Living as a Dissident Follower Today
Recognizing this call for a new language—from Kingdom to Commonwealth—means rethinking what it means to live faithfully under systems that often co-opt religious identity for power. Revelation invites us to craft a vocabulary of resistance and belonging that isn’t confined to the boundaries of empire or institutional religion, but instead finds its roots in justice, compassion, and mutual care. By reframing discipleship as communal dissent, we move toward a vision of faith that is grounded not in dominance or conformity but in hope and creative renewal. This shift challenges us to imagine practical ways in which protest, generosity, and radical hospitality can redefine our daily lives and relationships, making the teachings of Jesus a lived reality that stands in contrast to the coercive structures around us.

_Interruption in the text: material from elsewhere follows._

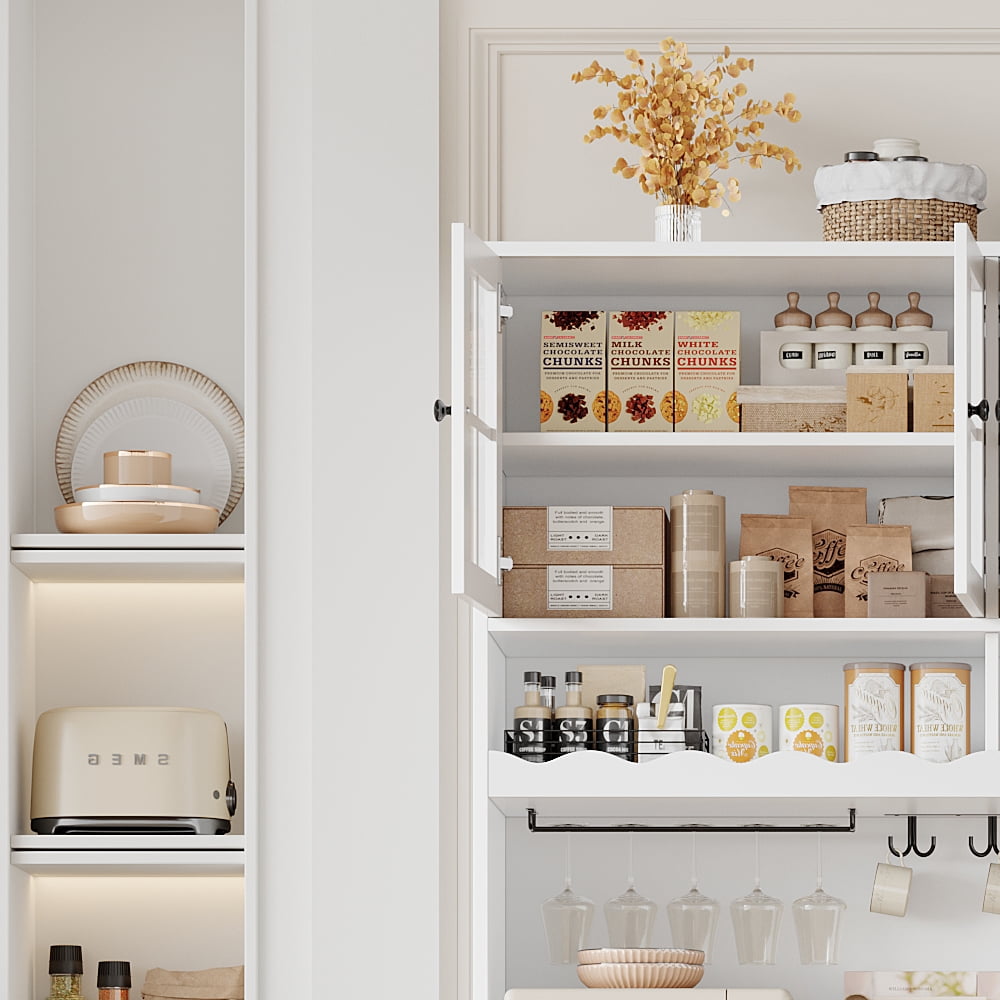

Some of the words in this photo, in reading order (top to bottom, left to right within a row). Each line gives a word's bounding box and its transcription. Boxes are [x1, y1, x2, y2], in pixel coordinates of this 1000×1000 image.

When we then consider what this Commonwealth would look like now, it would not mean oppressive regimes storing their grains in storehouses, we find that in Revelation an emphasis that true power lies not in violence but in sacrificial love and forgiveness. Early Christians were encouraged to reject the Empire’s demands and instead honor the Lamb. Modern Christians must engage in justice, protest, and faithful rebellion.
Conclusion
Hopefully, this is a fresh approach to an often abusive text, highlighting our inadequacies with God. By engaging in this new vision, we are called to cultivate a faith that is courageous enough to challenge oppressive narrative while drawing deeply from the well of radical hope. While we have been dealing with the problem of Jesus’ return since he left us, and many Christians are now living with a post millennial attitude, Revelation challenges us to participate actively in the creation of communities rooted in equity, generosity, and imaginative dissent. This lived dissidence might manifest in small acts of solidarity and hospitality, or in collective movements that disrupt cycles of injustice, always guided by the subversive wisdom found in the Jesus’s and the Act’s 2 Church’s witness. By embracing Revelation as a manifesto for creative resistance, we discover a sacred mandate to reimagine the boundaries of belonging and to enact a love that refuses to be domesticated by empire. In this way, the prophetic vision of John continues to echo through the centuries, summoning each generation to resist complacency and to practice a discipleship that is as bold as it is compassionate.